The task
All of the listing must be given again exactly, except that the images are dropped.
***
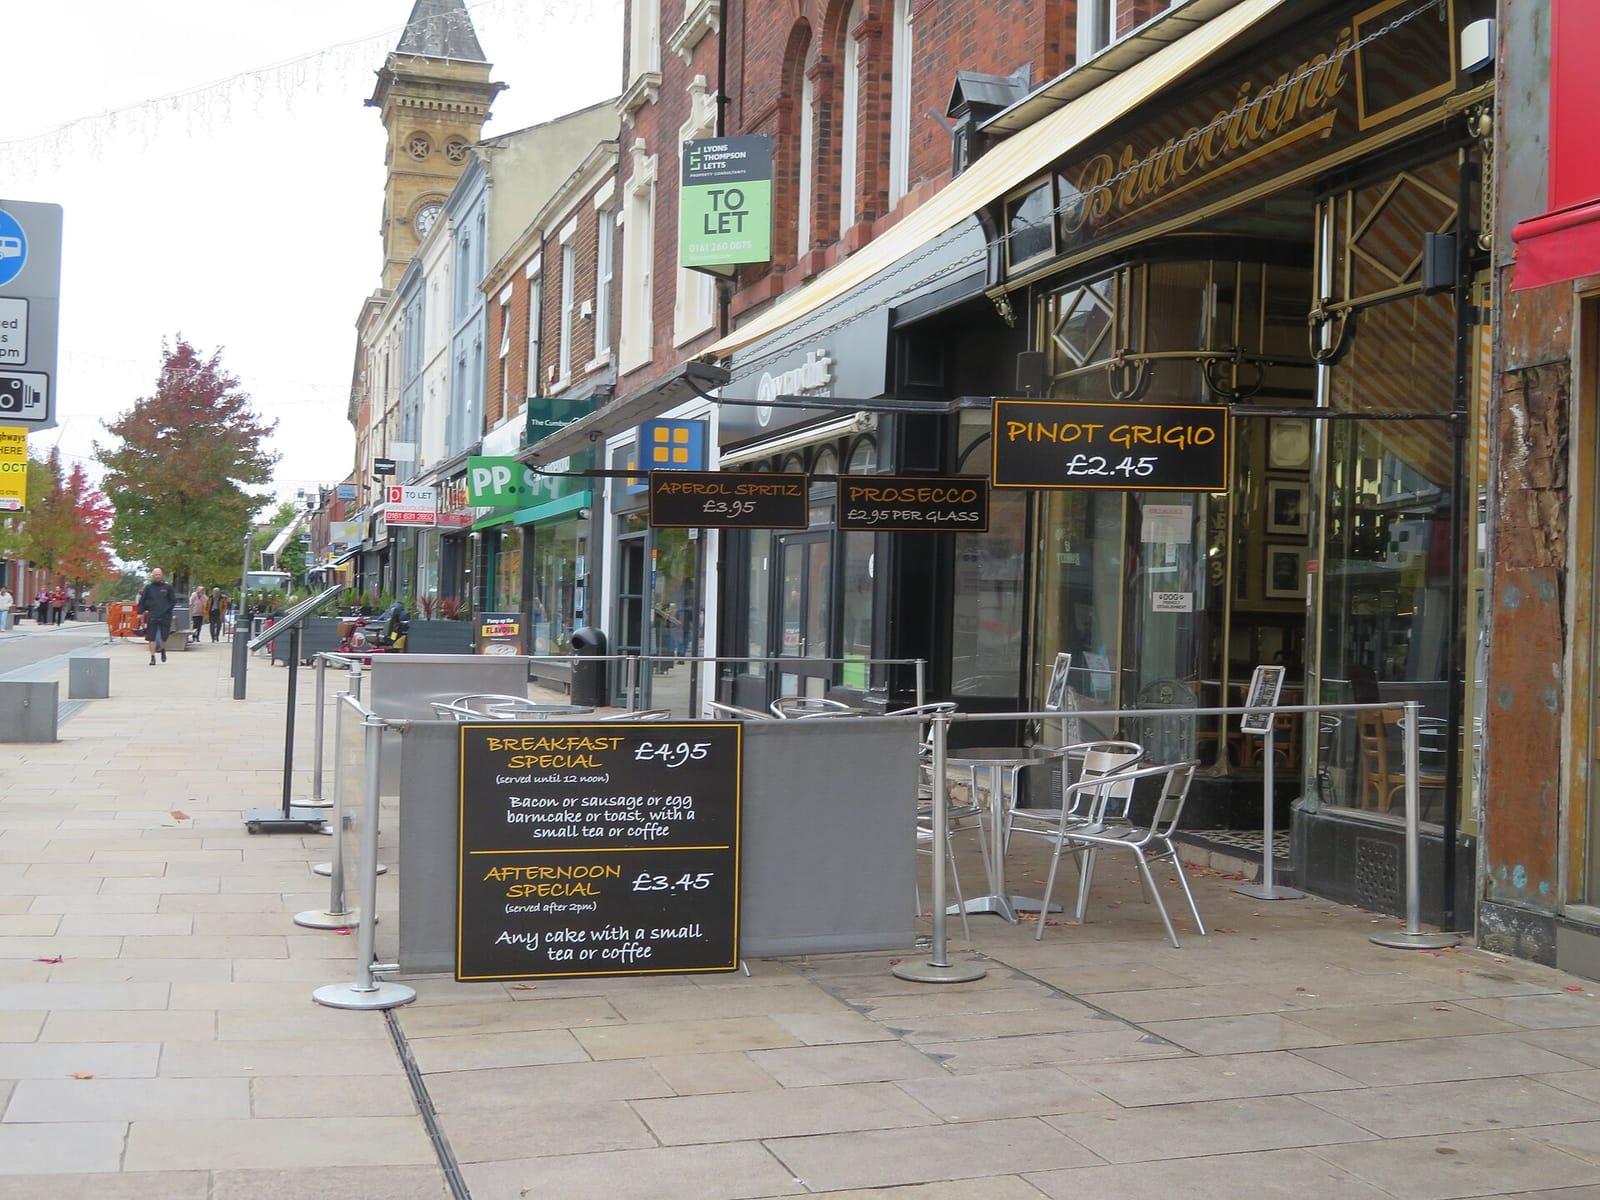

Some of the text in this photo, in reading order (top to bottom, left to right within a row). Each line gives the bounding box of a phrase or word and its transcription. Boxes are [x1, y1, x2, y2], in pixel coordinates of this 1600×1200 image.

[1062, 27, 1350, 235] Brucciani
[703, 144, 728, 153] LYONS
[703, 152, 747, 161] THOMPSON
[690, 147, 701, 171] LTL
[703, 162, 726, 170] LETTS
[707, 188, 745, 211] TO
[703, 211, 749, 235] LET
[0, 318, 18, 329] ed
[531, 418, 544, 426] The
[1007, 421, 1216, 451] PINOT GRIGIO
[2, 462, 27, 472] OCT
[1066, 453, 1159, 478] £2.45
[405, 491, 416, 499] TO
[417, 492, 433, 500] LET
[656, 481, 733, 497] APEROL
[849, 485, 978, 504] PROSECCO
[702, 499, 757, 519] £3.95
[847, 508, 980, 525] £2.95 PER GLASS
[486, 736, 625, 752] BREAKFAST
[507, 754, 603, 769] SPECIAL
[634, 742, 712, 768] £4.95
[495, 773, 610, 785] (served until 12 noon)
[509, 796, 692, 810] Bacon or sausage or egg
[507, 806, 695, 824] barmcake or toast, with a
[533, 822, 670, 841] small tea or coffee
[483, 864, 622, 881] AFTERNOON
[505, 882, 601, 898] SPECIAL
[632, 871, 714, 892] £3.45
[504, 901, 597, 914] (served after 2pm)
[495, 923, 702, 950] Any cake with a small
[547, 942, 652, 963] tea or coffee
***
Exercise output
Some of the text in this photo, in reading order (top to bottom, left to right within a row). Each line gives the bounding box of a phrase or word and its transcription. Boxes are [x1, y1, x2, y2], in pixel coordinates of this 1600×1200 image.

[1062, 27, 1350, 235] Brucciani
[703, 144, 728, 153] LYONS
[703, 152, 747, 161] THOMPSON
[690, 147, 701, 171] LTL
[703, 162, 726, 170] LETTS
[707, 188, 745, 211] TO
[703, 211, 749, 235] LET
[0, 318, 18, 329] ed
[531, 418, 544, 426] The
[1007, 421, 1216, 451] PINOT GRIGIO
[2, 462, 27, 472] OCT
[1066, 453, 1159, 478] £2.45
[405, 491, 416, 499] TO
[417, 492, 433, 500] LET
[656, 481, 733, 497] APEROL
[849, 485, 978, 504] PROSECCO
[702, 499, 757, 519] £3.95
[847, 508, 980, 525] £2.95 PER GLASS
[486, 736, 625, 752] BREAKFAST
[507, 754, 603, 769] SPECIAL
[634, 742, 712, 768] £4.95
[495, 773, 610, 785] (served until 12 noon)
[509, 796, 692, 810] Bacon or sausage or egg
[507, 806, 695, 824] barmcake or toast, with a
[533, 822, 670, 841] small tea or coffee
[483, 864, 622, 881] AFTERNOON
[505, 882, 601, 898] SPECIAL
[632, 871, 714, 892] £3.45
[504, 901, 597, 914] (served after 2pm)
[495, 923, 702, 950] Any cake with a small
[547, 942, 652, 963] tea or coffee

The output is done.